AlexNet在LeNet的基础上增加了3个卷积层。但AlexNet作者对它们的卷积窗口、输出通道数和构造顺序均做了大量的调整。虽然AlexNet指明了深度卷积神经网络可以取得出色的结果,但并没有提供简单的规则以指导后来的研究者如何设计新的网络。VGG,它的名字来源于论文作者所在的实验室Visual Geometry Group 。VGG提出了可以通过重复使用简单的基础块来构建深度模型的思路。[1409.1556] Very Deep Convolutional Networks for Large-Scale Image Recognition (arxiv.org)
VGG16相比AlexNet的一个改进是采用连续的几个3x3的卷积核代替AlexNet中的较大卷积核(11x11,7x7,5x5)。对于给定的感受野(与输出有关的输入图片的局部大小),采用堆积的小卷积核是优于采用大的卷积核,因为多层非线性层可以增加网络深度来保证学习更复杂的模式,而且代价还比较小(参数更少)。在VGG中,使用了3个3x3卷积核来代替7x7卷积核,使用了2个3x3卷积核来代替5*5卷积核,这样做的主要目的是在保证具有相同感知野的条件下,提升了网络的深度,在一定程度上提升了神经网络的效果。
VGG网络的结构非常一致,从头到尾全部使用的是3x3的卷积和2x2的max pooling。几个小滤波器(3x3)卷积层的组合比一个大滤波器(5x5或7x7)卷积层好。VGG耗费更多计算资源,并且使用了更多的参数(这里不是3x3卷积的锅),导致更多的内存占用。其中绝大多数的参数都是来自于第一个全连接层。VGG有3个全连接层。有的文章称:发现这些全连接层即使被去除,对于性能也没有什么影响,这样就显著降低了参数数量。
为了解决初始化(权重初始化)等问题,VGG采用的是一种Pre-training的方式,先训练浅层的的简单网络 VGG11,再复用 VGG11 的权重来初始化 VGG13,如此反复训练并初始化 VGG19,能够使训练时收敛的速度更快。
多种VGG网络设计都很统一,都有相同的224×224×3的input+5个maxpool层+3层fc全连接层,区别在于中间的Vgg-block块的设计不同。 下面我们以D列中的VGG-16为例展示具体的layer设计:block和block之间通过maxpool的stride=2,pool size=2进行减半池化;block内部,为了保持卷积层间的shape一致,kernel size统一尺寸为3×3。以VGG-16为例:
导包,查看设备配置信息
import time
import torch
from torch import nn, optim
import sys
device = torch.device('cuda' if torch.cuda.is_available() else 'cpu')
print(torch.__version__)
print(device)
1.13.1
cpu
VGG基本模块和模型构建
def vgg_block(num_convs, in_channels, out_channels):
blk = []
for i in range(num_convs):
if i == 0:
blk.append(nn.Conv2d(in_channels, out_channels, kernel_size=3, padding=1)) # 接受上一层模块的输出到本层输入,维度连接好
else:
blk.append(nn.Conv2d(out_channels, out_channels, kernel_size=3, padding=1))
blk.append(nn.ReLU())
blk.append(nn.MaxPool2d(kernel_size=2, stride=2))

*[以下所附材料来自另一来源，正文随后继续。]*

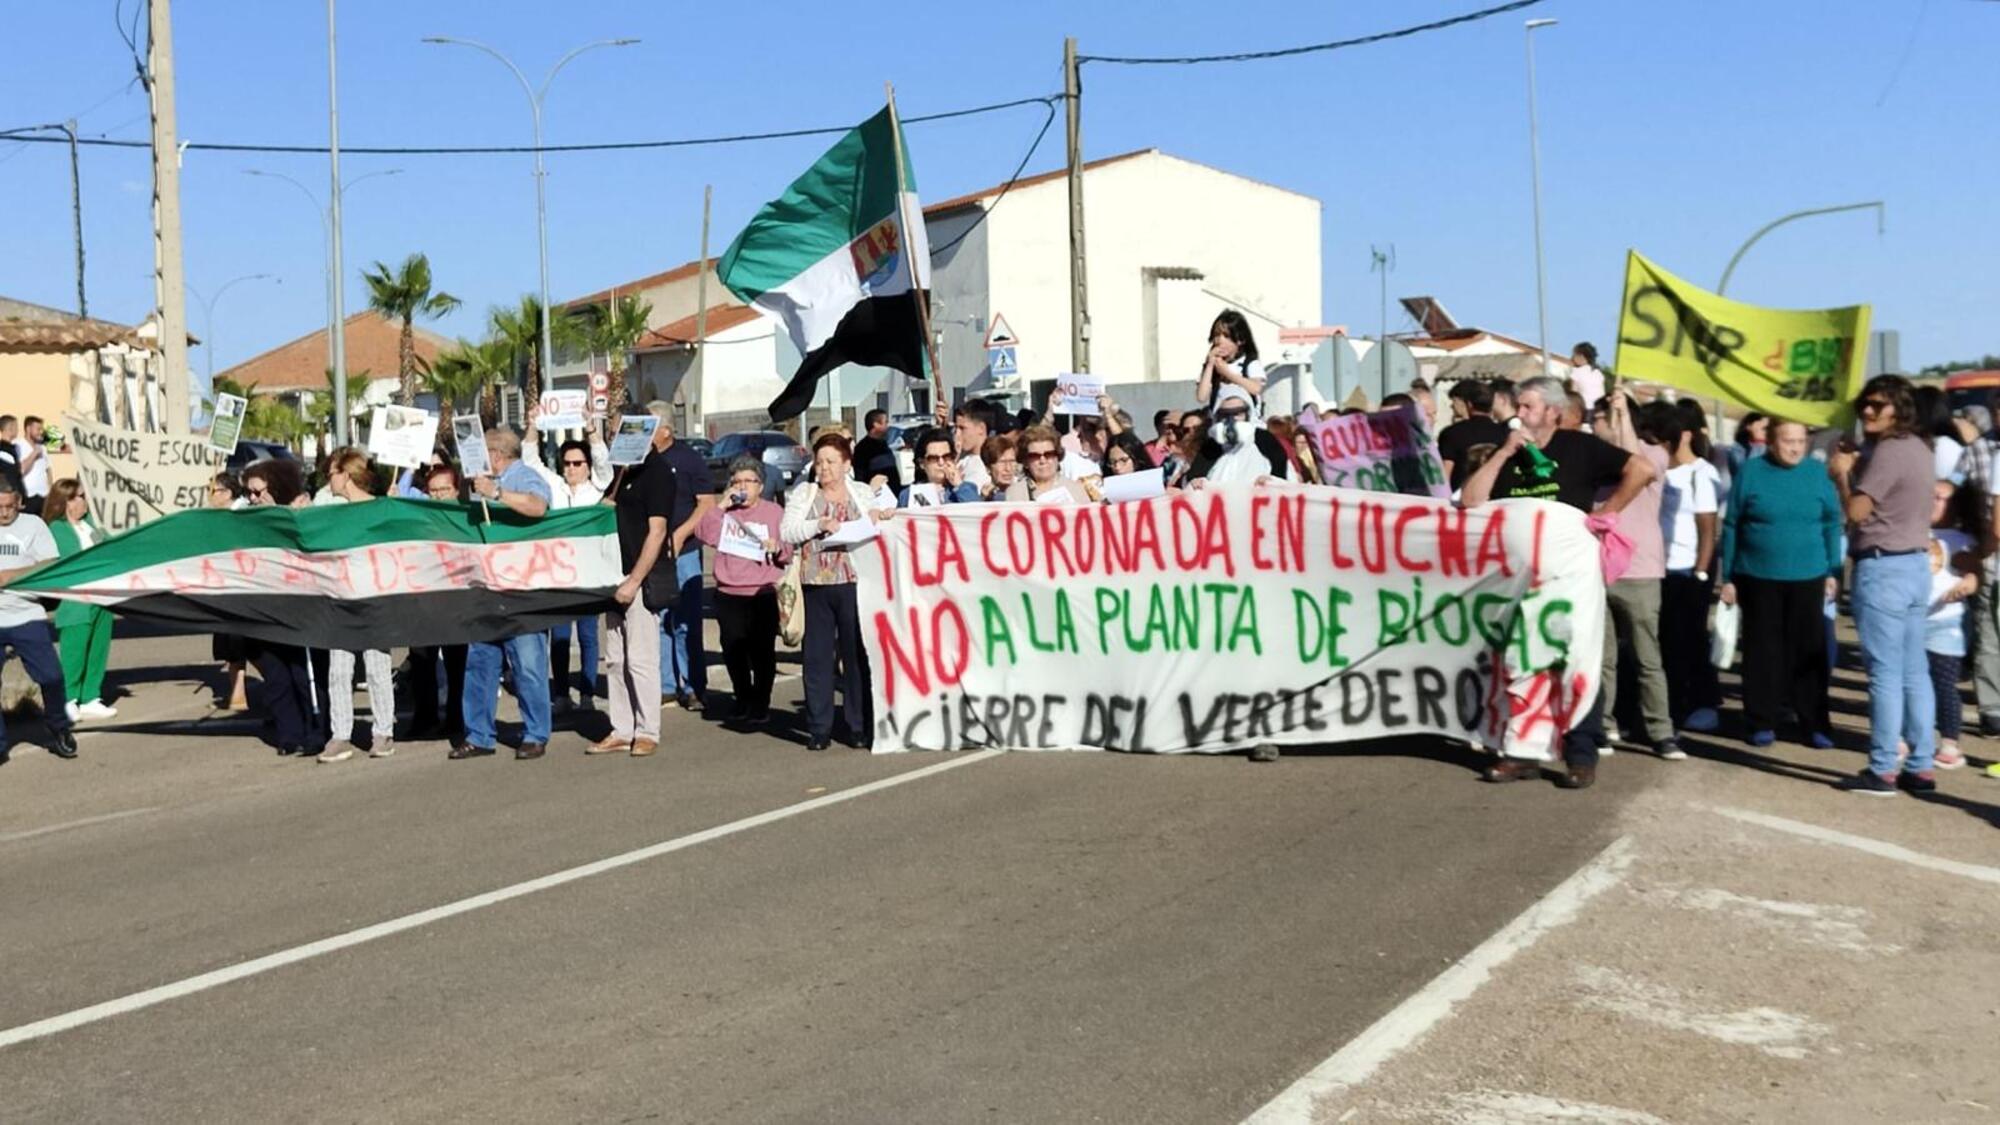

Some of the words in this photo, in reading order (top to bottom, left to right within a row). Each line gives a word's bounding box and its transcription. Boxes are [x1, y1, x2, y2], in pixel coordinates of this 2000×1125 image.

return nn.Sequential(*blk)
class FlattenLayer(torch.nn.Module):
def __init__(self):
super(FlattenLayer, self).__init__()
def forward(self, x): # x shape: (batch, *, *, ...)
return x.view(x.shape[0], -1) # 直接展平,reshape
conv_arch = ((1, 1, 64), (1, 64, 128), (2, 128, 256), (2, 256, 512), (2, 512, 512)) # 各层的参数(卷积需要几层,输入通道,输出通道)

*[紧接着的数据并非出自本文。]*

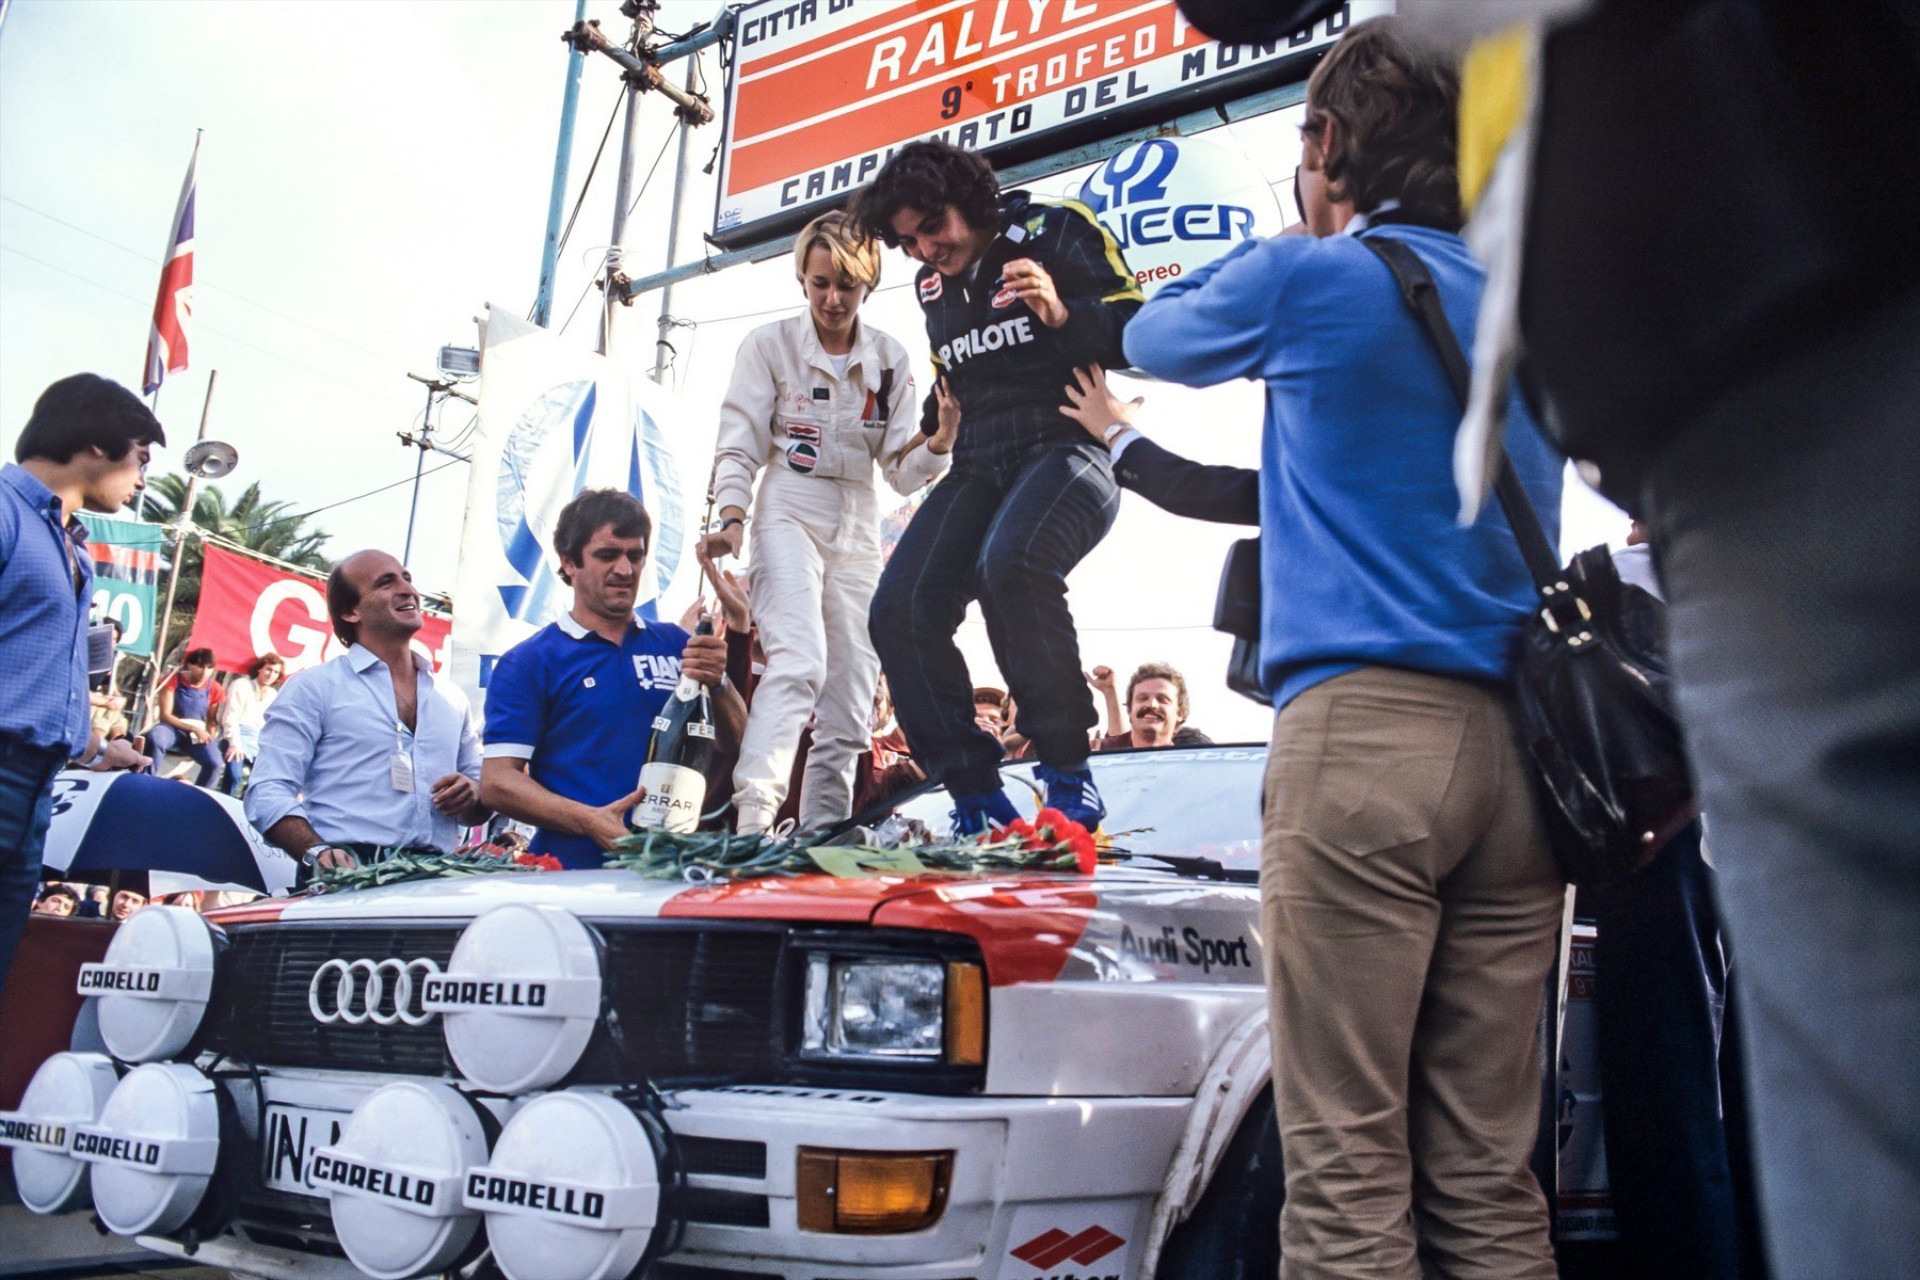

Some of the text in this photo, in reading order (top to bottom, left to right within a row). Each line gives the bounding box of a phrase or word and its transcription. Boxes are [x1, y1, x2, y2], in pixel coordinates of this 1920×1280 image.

fc_features = 512 * 7 * 7 # 根据卷积层的输出算出来的
fc_hidden_units = 4096 # 任意自定义的
def vgg(conv_arch, fc_features, fc_hidden_units=4096):
net = nn.Sequential()
# 卷积层部分
for i, (num_convs, in_channels, out_channels) in enumerate(conv_arch):
net.add_module("vgg_block_" + str(i+1), vgg_block(num_convs, in_channels, out_channels))
# 全连接层部分
net.add_module("fc", nn.Sequential(FlattenLayer(),
nn.Linear(fc_features, fc_hidden_units),
nn.ReLU(),
nn.Dropout(0.5),
nn.Linear(fc_hidden_units, fc_hidden_units),
nn.ReLU(),
nn.Dropout(0.5),
nn.Linear(fc_hidden_units, 10)
))
return net
net = vgg(conv_arch, fc_features, fc_hidden_units)

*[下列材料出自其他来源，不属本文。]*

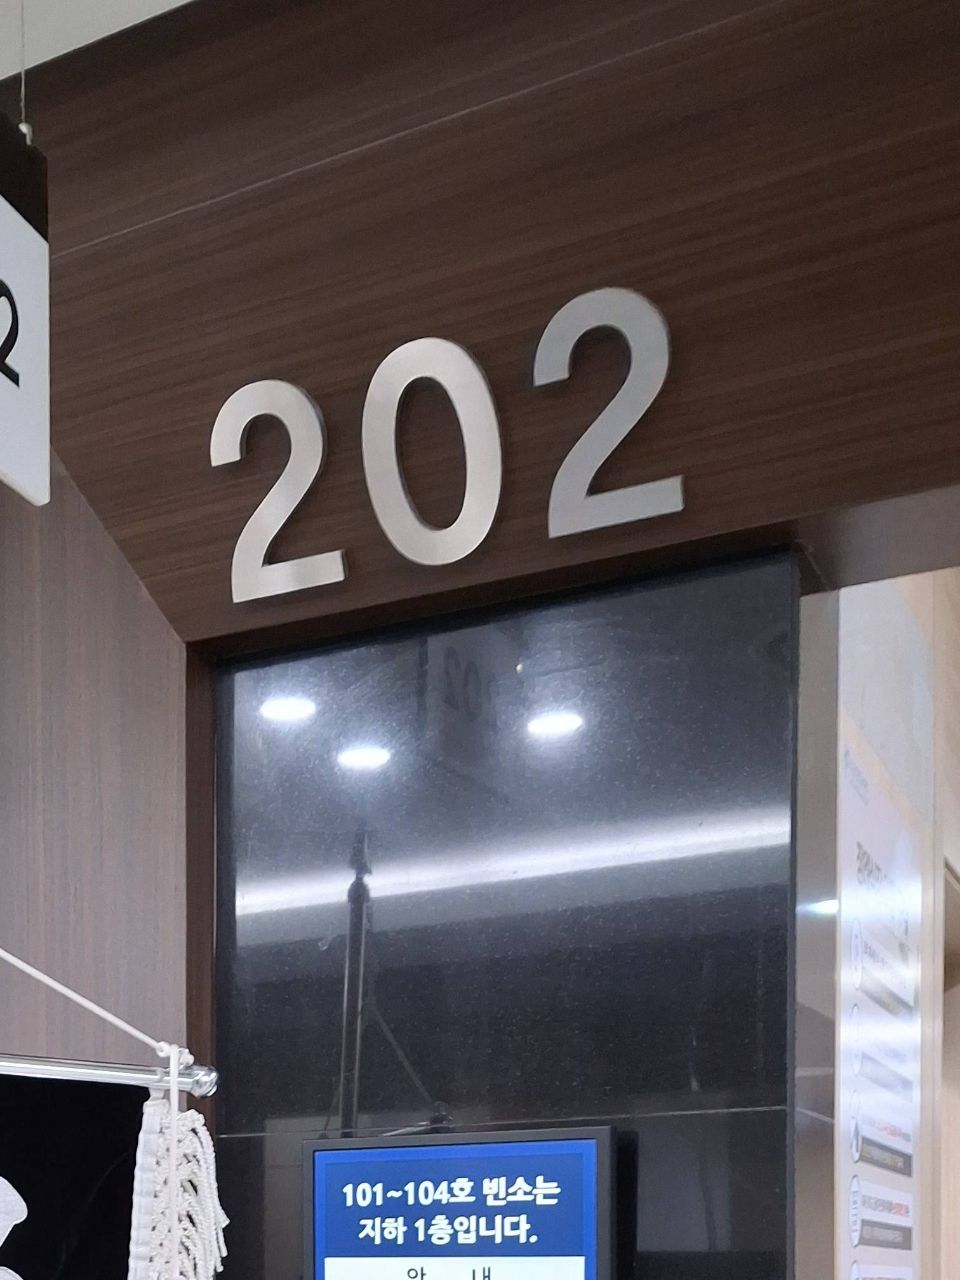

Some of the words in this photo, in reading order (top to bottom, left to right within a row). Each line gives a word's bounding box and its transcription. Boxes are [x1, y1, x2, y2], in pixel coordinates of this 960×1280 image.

[209, 286, 685, 604] 202
[342, 1177, 476, 1207] 101~104호
[482, 1175, 562, 1205] 빈소는
[358, 1215, 408, 1245] 지하
[414, 1214, 539, 1245] 1층입니다.

X = torch.rand(1, 1, 224, 224)
# named_children获取一级子模块及其名字(named_modules会返回所有子模块,包括子模块的子模块)
for name, blk in net.named_children():
X = blk(X)
print(name, 'output shape: ', X.shape)
vgg_block_1 output shape: torch.Size([1, 64, 112, 112])
vgg_block_2 output shape: torch.Size([1, 128, 56, 56])
vgg_block_3 output shape: torch.Size([1, 256, 28, 28])
vgg_block_4 output shape: torch.Size([1, 512, 14, 14])
vgg_block_5 output shape: torch.Size([1, 512, 7, 7])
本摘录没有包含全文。